Welding Processes:
Welding Technology component that tended to saturate the transformer. Primary this was overcome by applying a similar d.c. voltage, although of opposite polarity, to the circuit so that the d.c. component was balanced out. It was done with storage batteries, but subsequently this was found that large capacitors in series with the arc had the similar effect.
The purity of the shielding gas was developed from 98 to over 99.95 % as the procedure developed, particularly as a result of the requirement for high purity gases for the welding of aluminium alloys and reactive metals. Argon, the only inert gas available outside the USA, attained popularity even in that country, being the chief gas utilized for manual welding, although the higher arc voltage and, hence, greater penetration of the helium-shielded arc was found of value in automatic welding. Helium tungsten-arc and argon tungsten-arc techniques both were rapidly applied to the welding of a range of non- ferrous metals, which had proved hard to weld, by other methods.
Along aluminium, as with magnesium, the new procedure gave greater scope to the engineer due to the absence of flux. Earlier fillet welds and other types of joints in which flux may be trapped had to be ignored because of the danger of corrosion after welding. The more concentrated heat input of the tungsten-arc welding process over gas welding enabled welding speeds to be enhanced and improved the metallurgical quality of welds. Although there were various advantages to the procedure it was also found to have restriction.

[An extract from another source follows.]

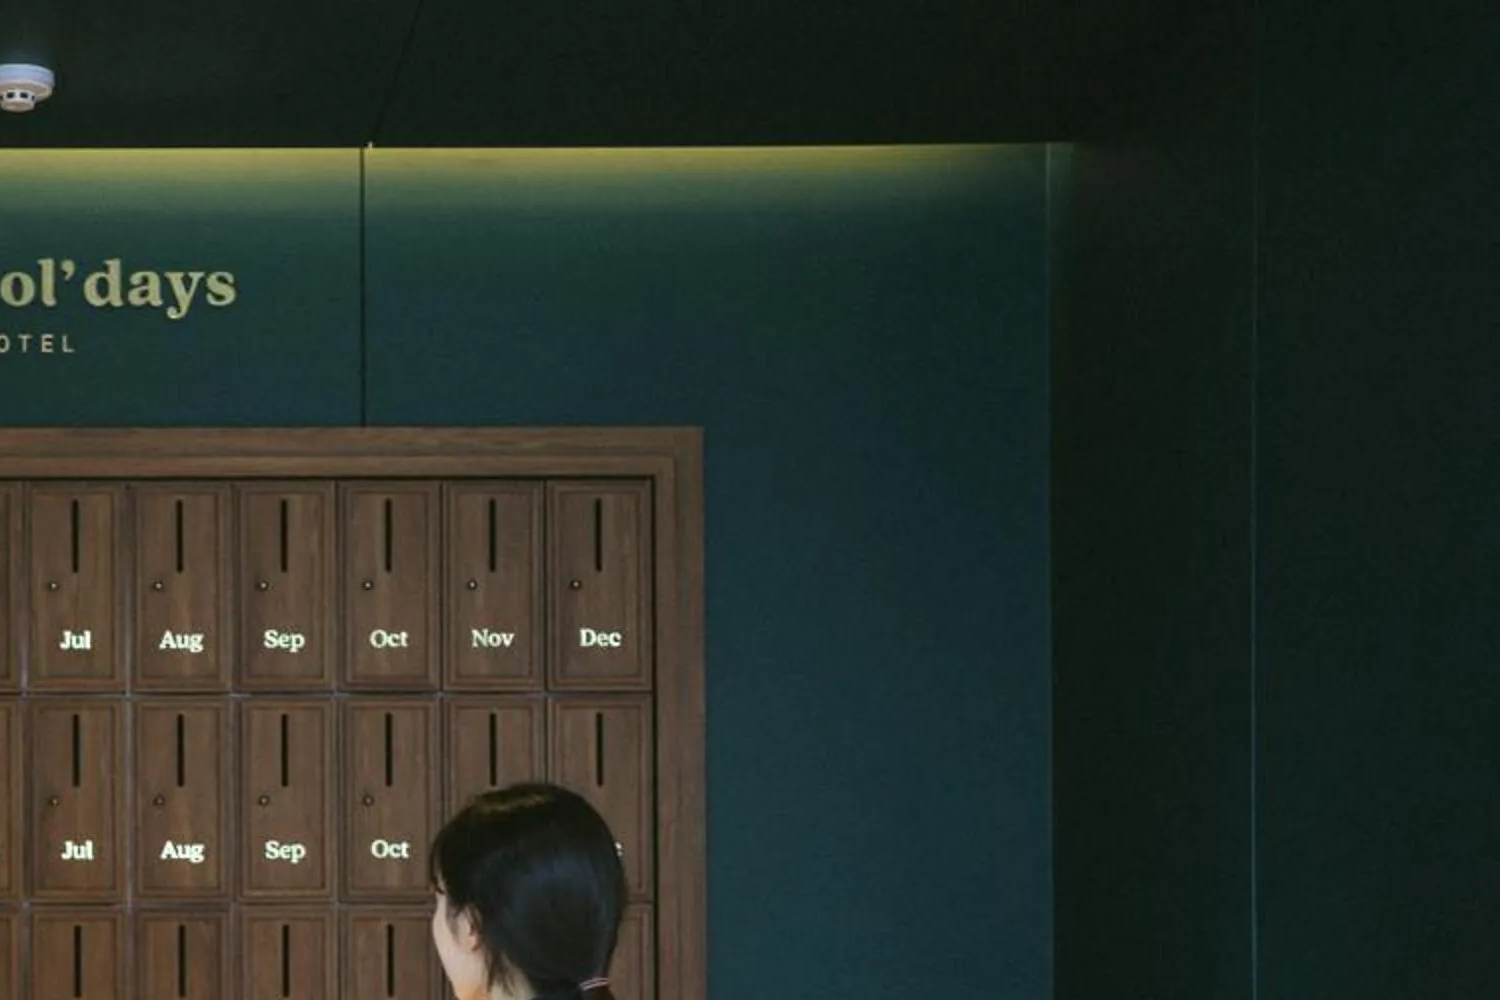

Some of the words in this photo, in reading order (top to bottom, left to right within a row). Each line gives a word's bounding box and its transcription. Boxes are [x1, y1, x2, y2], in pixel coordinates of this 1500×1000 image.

The separate addition of filler metal needed the use of both the welder's hands and, therefore, access to hard joints tended to be restricted and positional welding was difficult and slow.
Gas Tungsten Arc Welding (GTAW) is an arc welding procedure that uses an arc between a tungsten electrode (non-consumable) and the weld pool. The procedure is used with shielding gas and without the application of pressure. The process might be used with or without the addition of filler metal. Figure 5 shows the gas tungsten arc welding procedure.
GTAW which has become indispensable as a tool for various industries due to the high-quality welds generated and low equipment costs. The reason of this chapter is to discuss the basic of the GTAW process, the equipment and consumables utilized, the process procedures and variables, applications, and security considerations.
The possibility of utilizing helium to shield a welding arc and molten weld pool was first investigated in the year 1920s. However, nothing was done with this method till the beginning of World War II while a great need developed in the aircraft industry to replace riveting for joining reactive materials such like magnesium and aluminium. By using a tungsten electrode and direct current arc power with the electrode negative, a stable, efficient heat source was generated with which outstanding welds could be made.